But it's not working. That's why your asking for other suggestions. It's not a matter of right or wrong, it's about what works on the individual dog in the situation you're in. When training dogs, the best trainers have a ton of tools, techniques, and options so that they can pull out whatever combination a certain dog may need in order to succeed. 

And you say that maybe you're painting a picture worse than it is but then you say that even stepping out onto the front lawn hypes him up to the point of ignoring you? At this point you've raised a solid, confident dog and now it's time to introduce more structure. Corrections aren't about inflicting pain, they're about enforcing rules and reminding him that there are actual consequences for misbehavior. It sounds like he's caught onto the routine and has decided that "the consequences" that he gets right now are worth going ahead and doing what he wants to do anyway. That means it's time to change it up...


----------



## bboylayz (Sep 7, 2010)

sashadog said:


> But it's not working. That's why your asking for other suggestions. It's not a matter of right or wrong, it's about what works on the individual dog in the situation you're in.
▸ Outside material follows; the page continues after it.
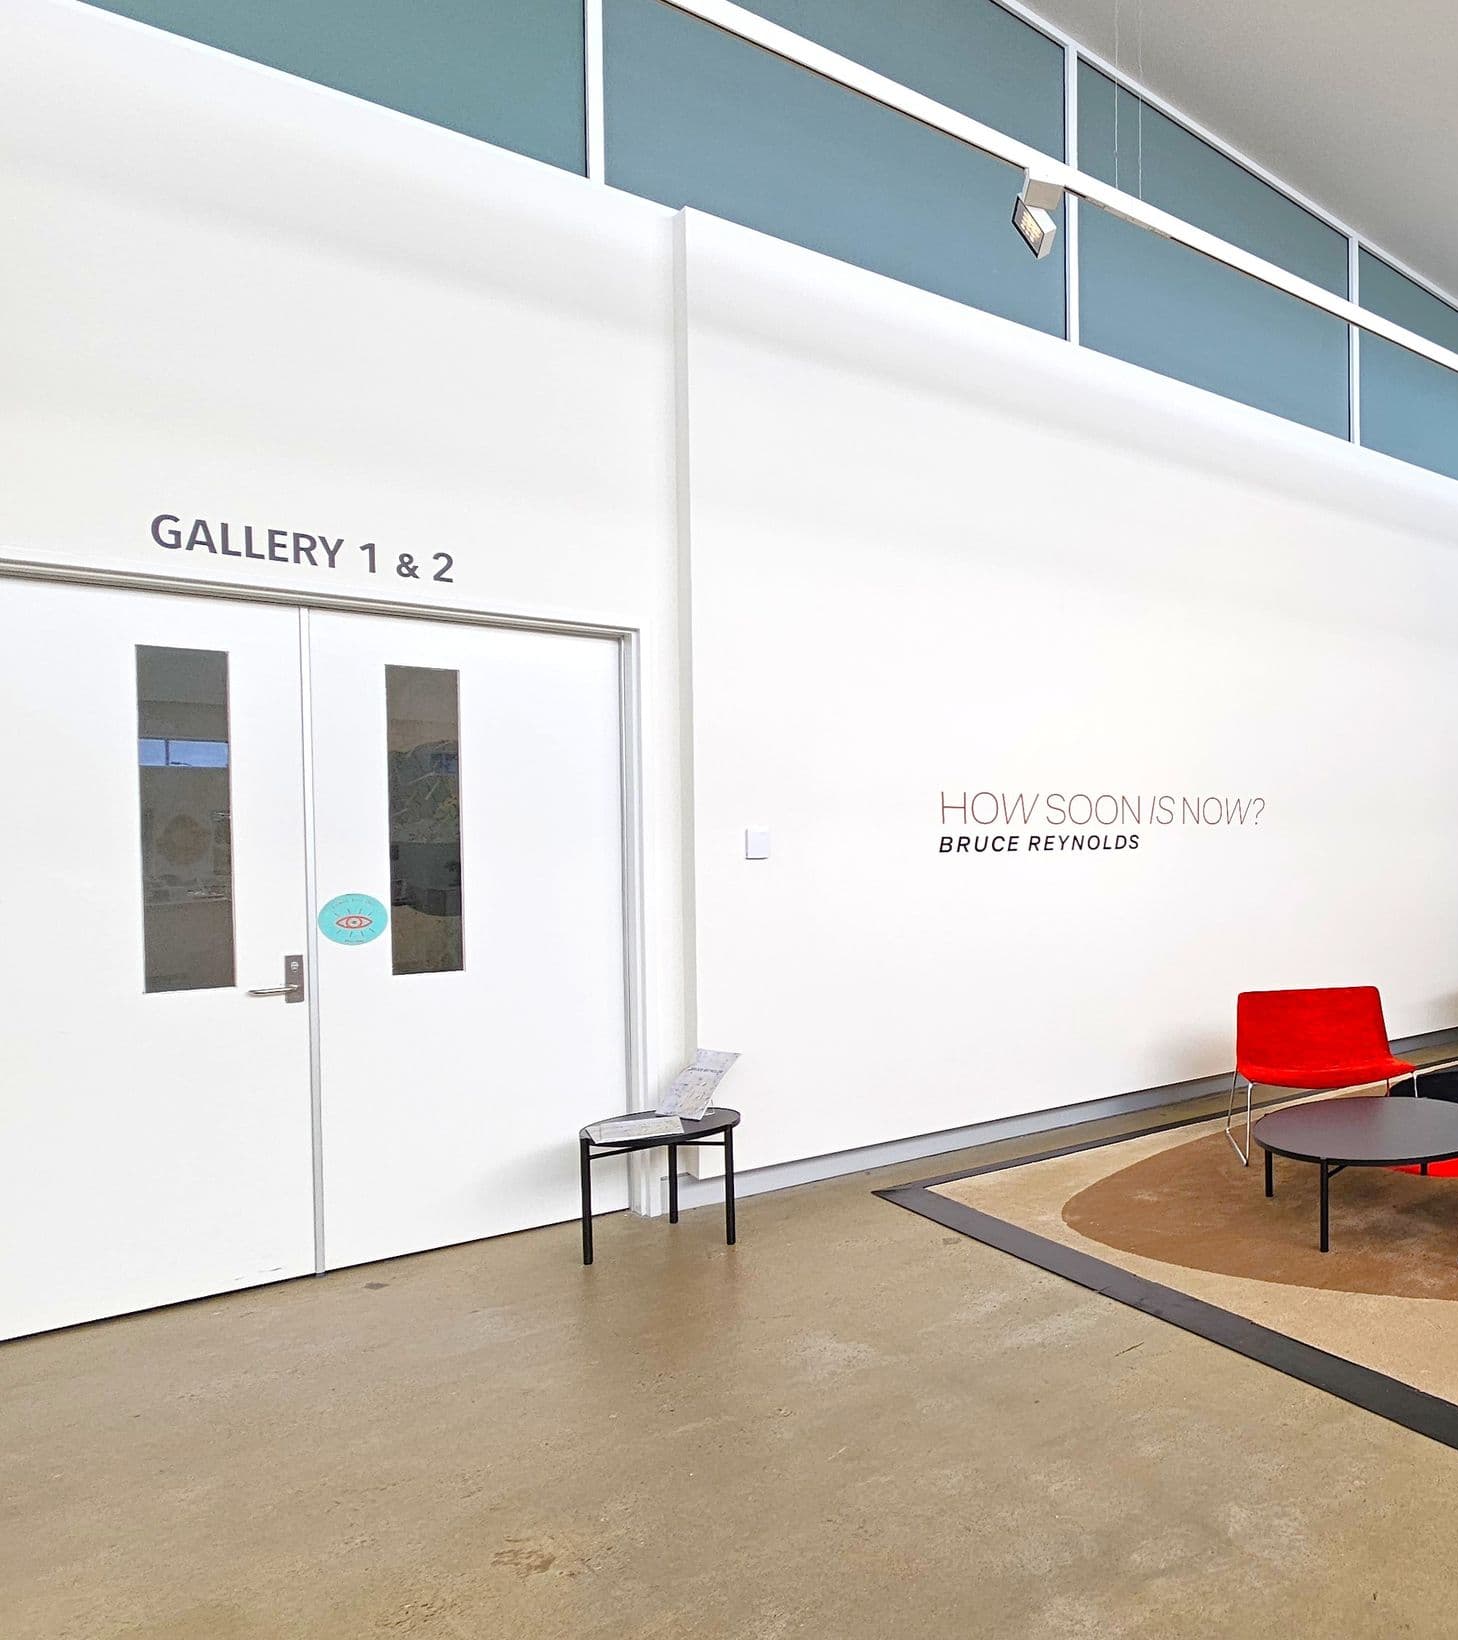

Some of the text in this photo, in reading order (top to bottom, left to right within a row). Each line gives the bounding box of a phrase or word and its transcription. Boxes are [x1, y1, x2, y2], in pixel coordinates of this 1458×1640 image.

When training dogs, the best trainers have a ton of tools, techniques, and options so that they can pull out whatever combination a certain dog may need in order to succeed.
> 
> And you say that maybe you're painting a picture worse than it is but then you say that even stepping out onto the front lawn hypes him up to the point of ignoring you? At this point you've raised a solid, confident dog and now it's time to introduce more structure. Corrections aren't about inflicting pain, they're about enforcing rules and reminding him that there are actual consequences for misbehavior. It sounds like he's caught onto the routine and has decided that "the consequences" that he gets right now are worth going ahead and doing what he wants to do anyway. That means it's time to change it up...


I pointed out the "whether it is right or wrong" because I'm willing to change it up. Just trying to get more info instead of just trying the first thing I hear.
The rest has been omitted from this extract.